Says Herrera, the problem in Nicaragua is not the amount of water, but the quality.

“We are a country rich in contaminated water resources,” she said this morning in an interview on a local radio station Café con Voz.

 

  • AngeLobue

    Which areas will receive financing for water quality and quantity improvement?

    • NicaraguaDispatch

      85 of the poorest municipalities on Atlantic and Pacific coasts

      • AngeLobue

        Does anyone have more information on this? For example, is there a document in the loan application which lists all of the “85 of the poorest municipalities on the Atlantic and Pacific coasts” along with the specific amount of money and specific projects to be funded? Are any of these documents available in the public domain so that investigative journalists can report on where the money is expected to go, in order to hold the recipients responsible for disclosure BEFORE the money is distributed? Or, is such information “classified” permitting politically corrupt “slippage, or “handling fees,” sometimes called “the cost of doing business?”

        Rather than waiting for evidence of corruption, is it possible for responsible journalists to “assist in funding transparency” before the money is distributed?

        I would consider that a form of journalistic integrity, in effect, a preliminary disclosure that would permit the public to “follow the money as it flows.”

        • AngeLobue

          Catching people doing something wrong” may make more marketable headlines than “catching people doing something right.”

          However, courageous and labor-intensive monitoring of a transparent process of aid from the World Bank to the underserved, developing world may benefit the citizens of the country more than the titillation of reading about another ineffective, and possibly corrupt, political process.

      • Guest

        Catching people doing something wrong” may make more marketable headlines than “catching people doing something right.”

        However, courageous and labor-intensive monitoring of a transparent process of aid from the World Bank to the underserved, developing world may benefit the citizens of the country more than the titillation of reading about another ineffective, and possibly corrupt, political process.

  • randypower

    I’m curious to know who the loans are with and what are the terms of the loans for the half of this $30M that is loaned.

    • NicaraguaDispatch

      loans are from WB – 40 year term, 10 year grace period

      • randypower

        Thanks ND for the terms. In 40 years, we may see a very different Nicaragua. Is there collateral?

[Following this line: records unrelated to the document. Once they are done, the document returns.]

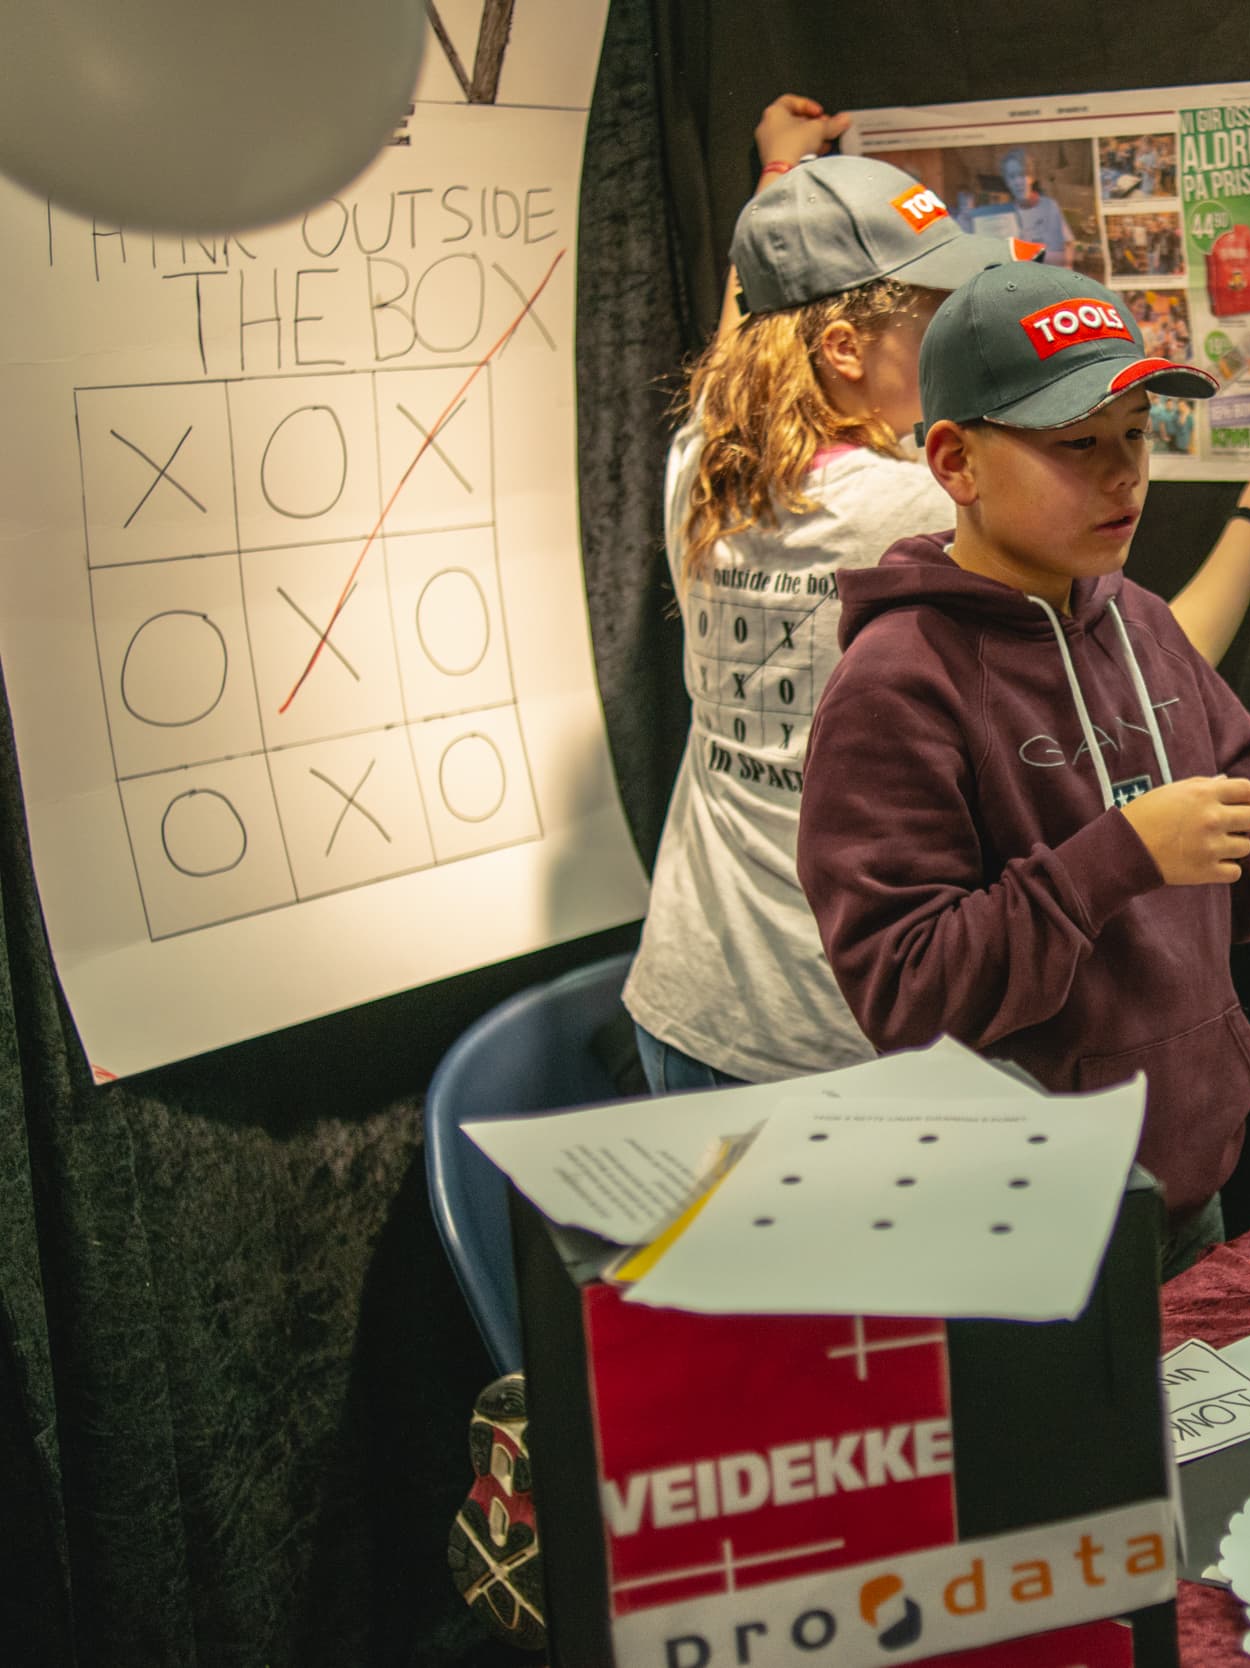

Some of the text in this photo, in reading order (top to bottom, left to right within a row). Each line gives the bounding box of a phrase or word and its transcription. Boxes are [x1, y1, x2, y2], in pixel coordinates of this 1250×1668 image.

[301, 185, 560, 259] OUTSIDE
[162, 251, 561, 376] THE BOX
[1033, 305, 1124, 342] TOOLS
[110, 426, 207, 530] X
[714, 567, 771, 592] outside
[774, 571, 801, 595] the
[309, 757, 391, 857] X
[603, 1418, 954, 1538] VEIDEKKE
[665, 1531, 1167, 1668] pro data
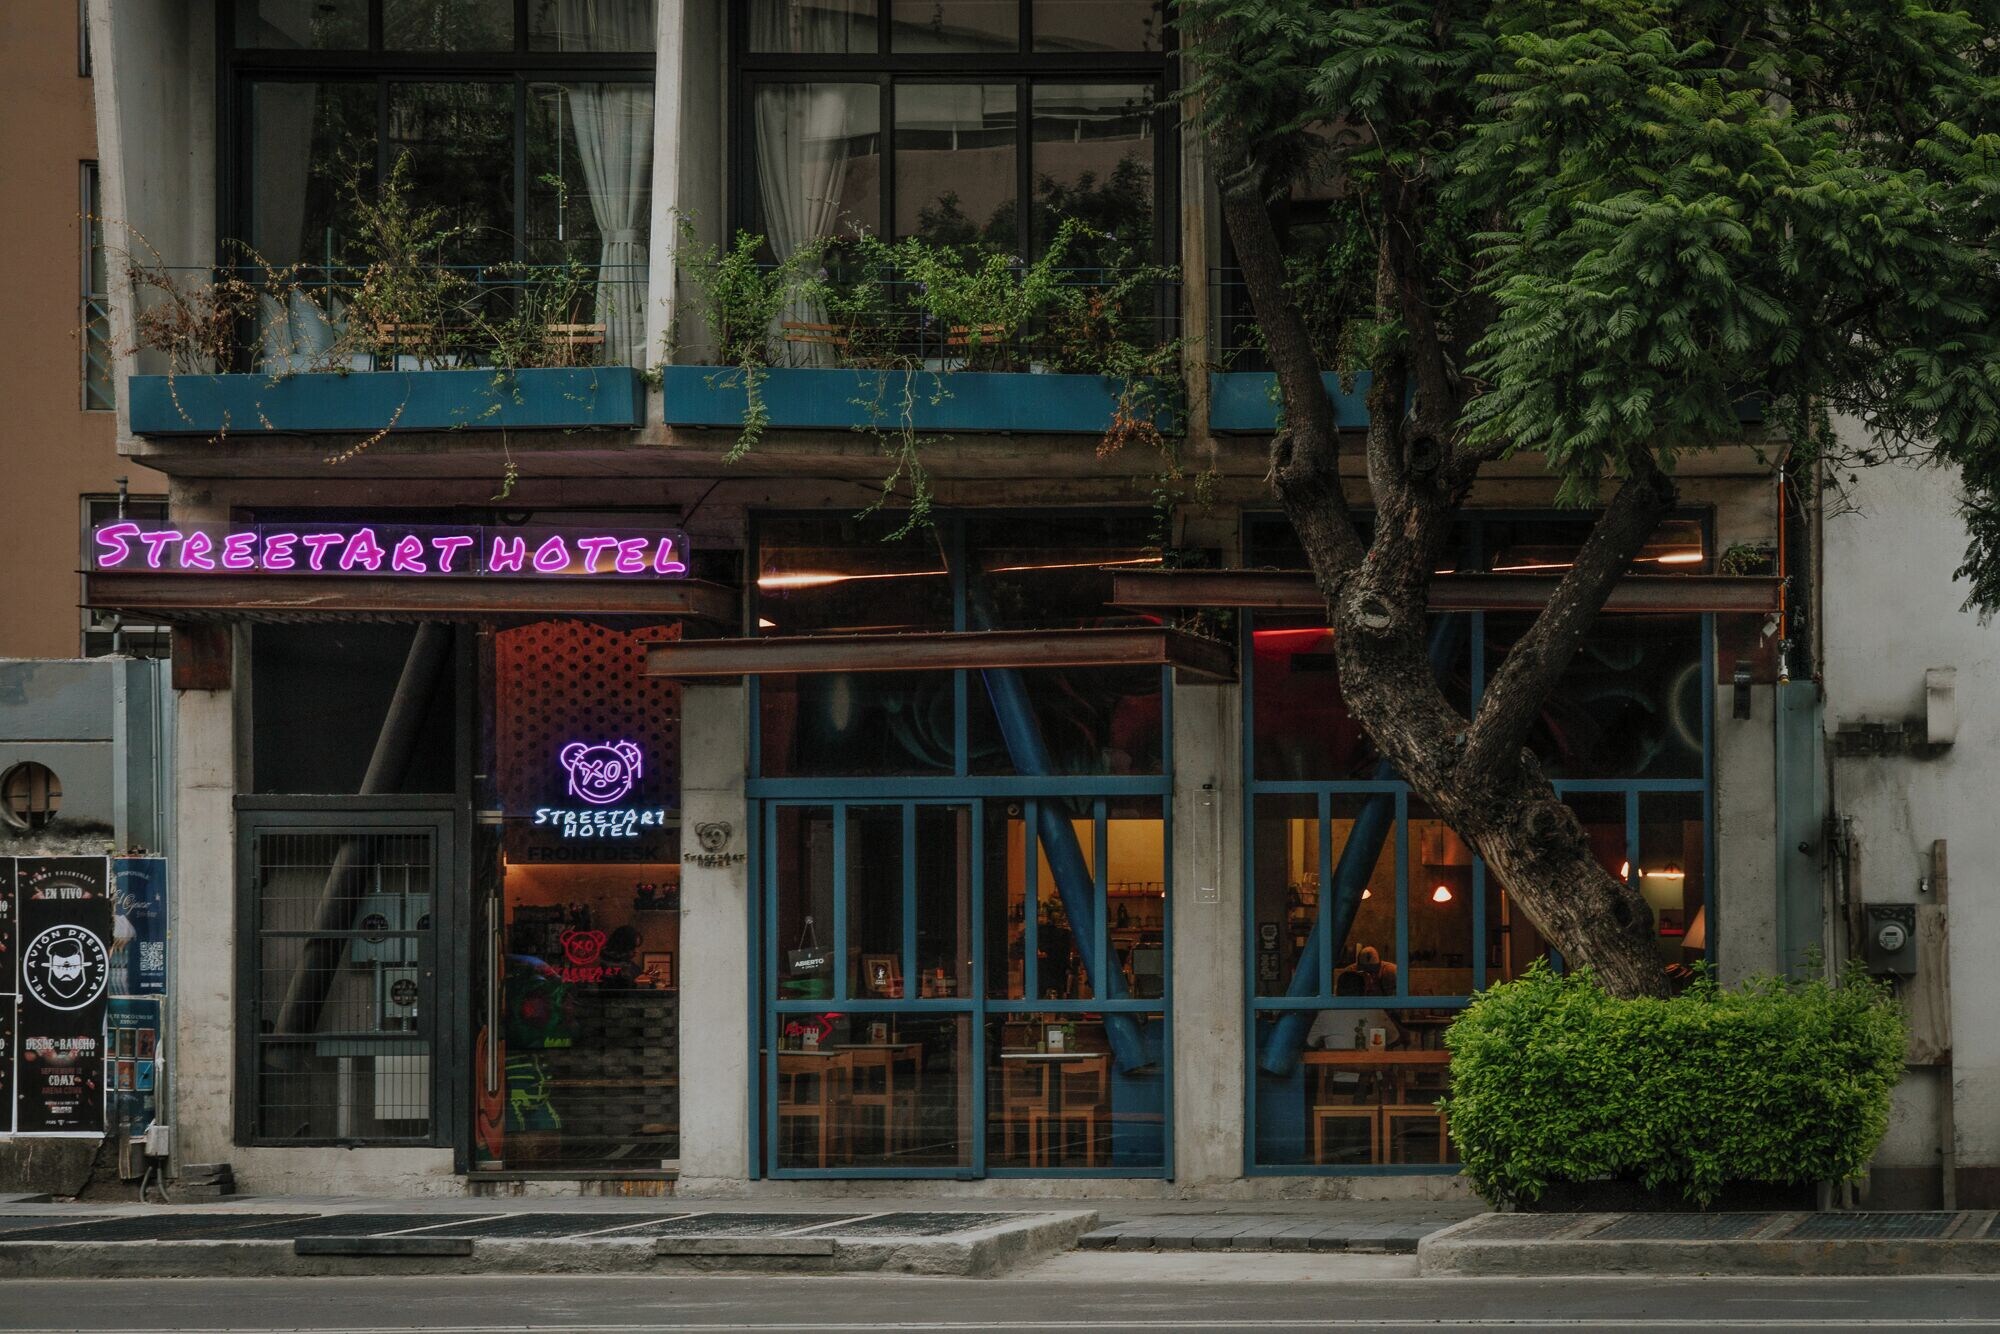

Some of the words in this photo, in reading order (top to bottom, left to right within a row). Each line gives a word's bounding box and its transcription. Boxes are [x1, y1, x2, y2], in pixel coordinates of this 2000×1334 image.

[96, 523, 474, 573] STREETART
[489, 535, 686, 574] HOTEL
[534, 808, 665, 825] STREETART
[563, 822, 639, 838] HOTEL
[527, 846, 599, 861] FRONT
[604, 846, 657, 861] DESK
[44, 888, 57, 900] EN
[60, 887, 83, 900] VIVO
[794, 958, 824, 968] ABIERTO
[25, 1038, 55, 1050] DESDE
[60, 1038, 95, 1050] RANCHO
[48, 1075, 75, 1086] CDMX
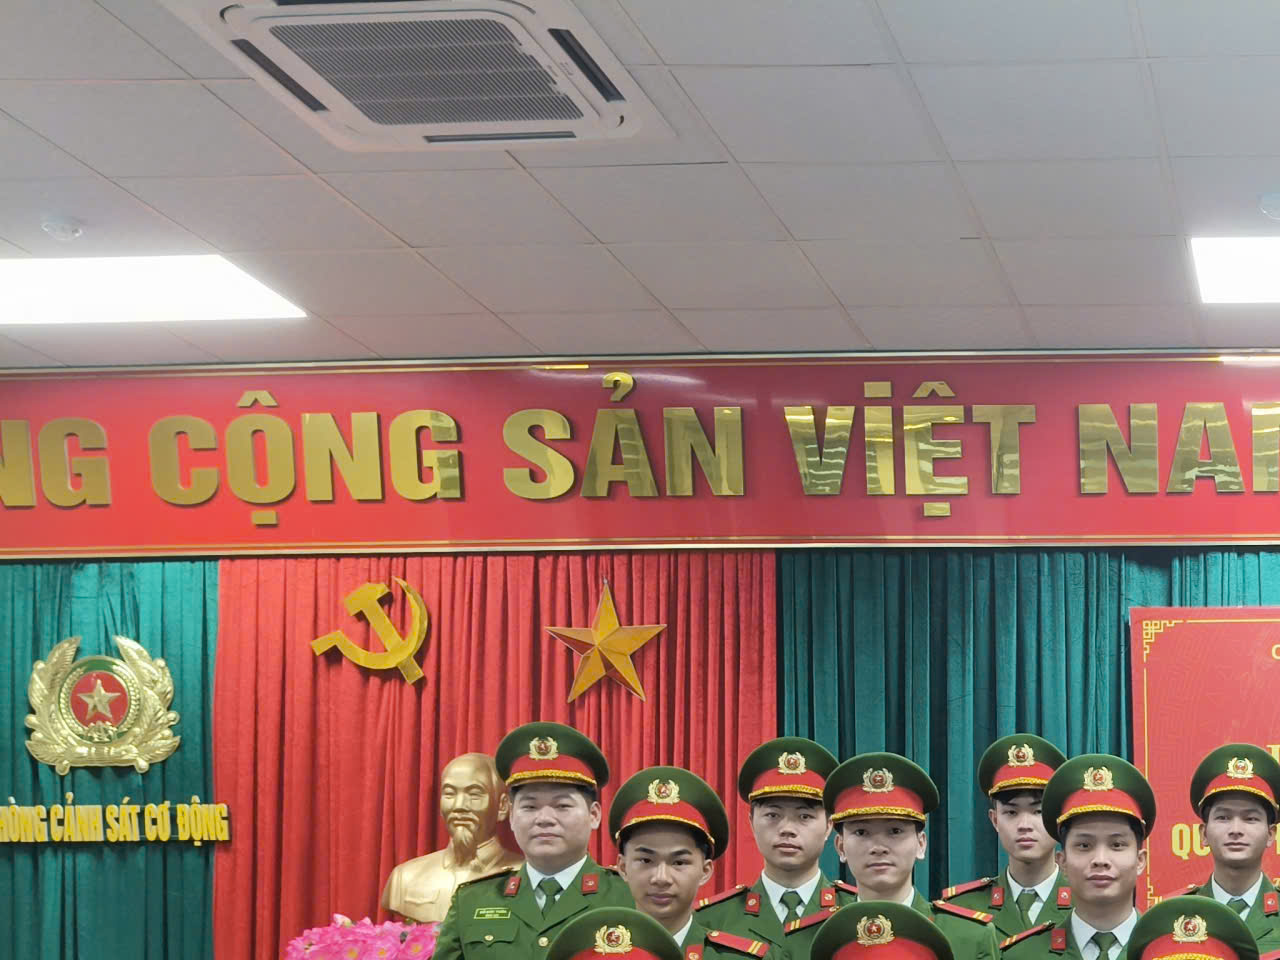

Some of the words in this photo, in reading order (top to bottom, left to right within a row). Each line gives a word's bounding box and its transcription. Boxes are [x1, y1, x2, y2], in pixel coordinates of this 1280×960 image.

[148, 390, 462, 526] CỘNG
[503, 372, 744, 498] SẢN
[49, 792, 104, 842] CẢNH
[106, 796, 140, 842] SÁT
[144, 800, 170, 842] CƠ
[177, 795, 229, 846] ĐỘNG

        Ken – I agree 100%. I’ve become mostly cynical whenever big money is involved.

    • Ken Morris

      Yeah, although I’m sure it’s more complex and there’s probably some genuine foreign aid money sloshing around in the World Bank, my understanding is that the bank is actually a for-profit business from which its investors make money. This doesn’t necessarily make this a bad deal for Nicaragua, and it could be a good deal. There’s nothing after all wrong with doing well while doing good. However, I become suspicious when aid projects include IOUs that extend outward as far as the eye can see. According to one calculation, for example, Nicaragua has paid the US more money than it has received in US aid since 1990. Whenever the issue is handouts, or probably anything having to do with money, the devil is always in the details. I hope this is a good deal for Nicaragua and am tentatively willing to assume it is, but I’m suspicious.

  • Pepe Turcon

    The real deal help for the needy always comes from overseas while the local fools keep talking about Imperial powers. No doubt the “third world” definition belongs exclusively to the political class in Latin America….we are getting closer and close to Washington DC, there… by the White House.

    • Stevan

      I think by third world they/we mean Majority world. Nicaragua has become a handout nation. The biggest business there could very well be orginizing foreign funding. “Do gooders” need to take a long hard look at where the money goes.